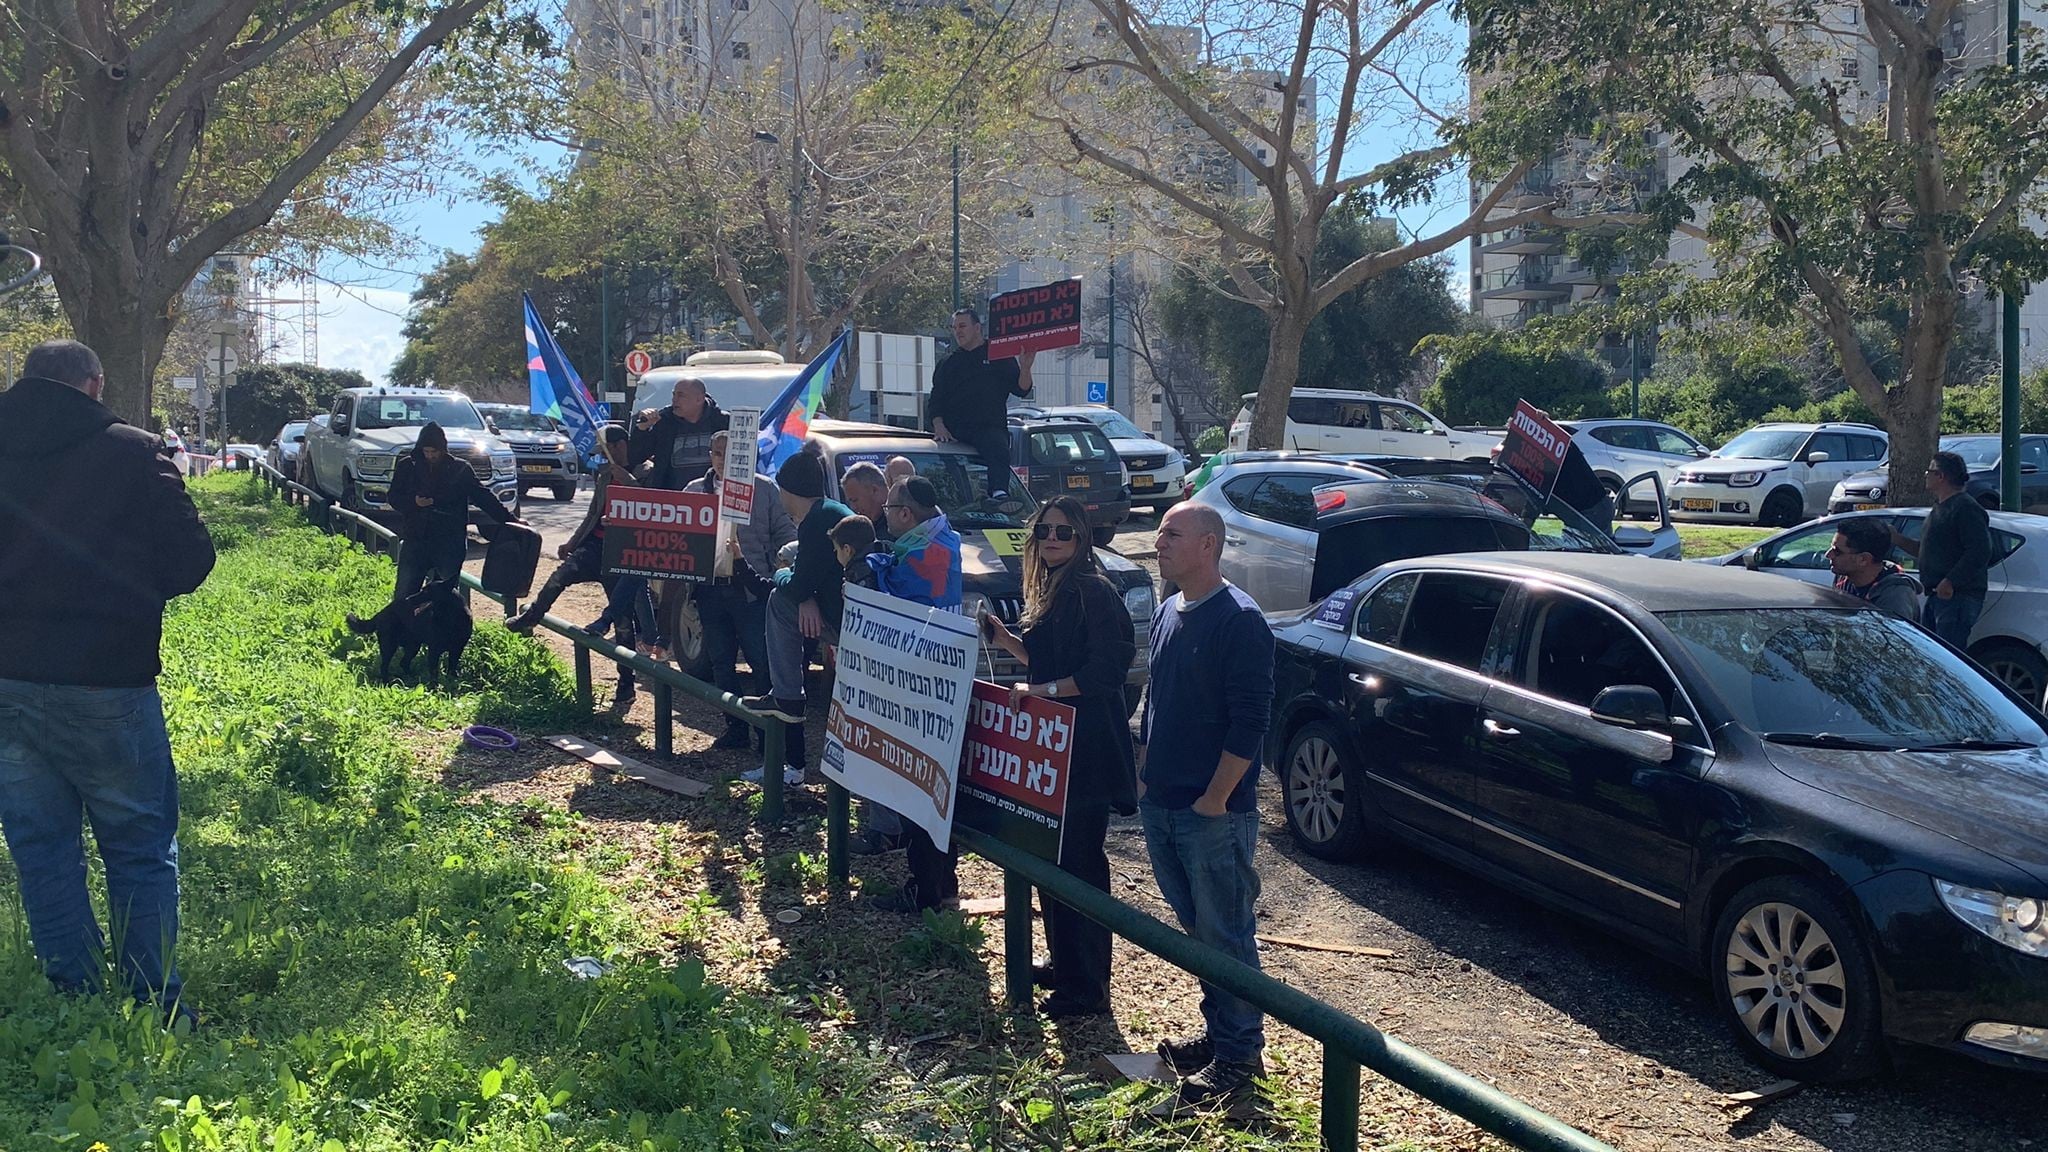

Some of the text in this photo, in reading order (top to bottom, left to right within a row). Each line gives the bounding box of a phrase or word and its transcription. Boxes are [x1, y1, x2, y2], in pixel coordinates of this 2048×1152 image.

[1056, 280, 1079, 299] לא
[1050, 303, 1074, 320] לא
[1513, 410, 1555, 451] הכנסות
[609, 499, 714, 527] 0 הכנסות
[634, 529, 688, 551] 100%
[620, 548, 695, 571] הוצאות
[862, 619, 901, 649] מאמינים
[900, 629, 916, 654] לא
[914, 637, 966, 670] העצמאים
[863, 656, 895, 686] סינגפור
[897, 668, 932, 698] הבטיח
[858, 686, 902, 723] העצמאים
[904, 706, 920, 730] את
[855, 724, 870, 750] לא
[1036, 715, 1069, 753] לא
[881, 739, 913, 774] פרנסה
[914, 756, 928, 781] לא
[1025, 758, 1058, 797] לא
[1047, 818, 1059, 829] ענף
::::
■ INSTRUCTIONS TO FOLLOW:
This calls for an exact copy of all the entries above, with the pictures omitted.

■ SOLVED PROBLEM:
Some of the text in this photo, in reading order (top to bottom, left to right within a row). Each line gives the bounding box of a phrase or word and its transcription. Boxes are [x1, y1, x2, y2], in pixel coordinates of this 2048×1152 image.

[1056, 280, 1079, 299] לא
[1050, 303, 1074, 320] לא
[1513, 410, 1555, 451] הכנסות
[609, 499, 714, 527] 0 הכנסות
[634, 529, 688, 551] 100%
[620, 548, 695, 571] הוצאות
[862, 619, 901, 649] מאמינים
[900, 629, 916, 654] לא
[914, 637, 966, 670] העצמאים
[863, 656, 895, 686] סינגפור
[897, 668, 932, 698] הבטיח
[858, 686, 902, 723] העצמאים
[904, 706, 920, 730] את
[855, 724, 870, 750] לא
[1036, 715, 1069, 753] לא
[881, 739, 913, 774] פרנסה
[914, 756, 928, 781] לא
[1025, 758, 1058, 797] לא
[1047, 818, 1059, 829] ענף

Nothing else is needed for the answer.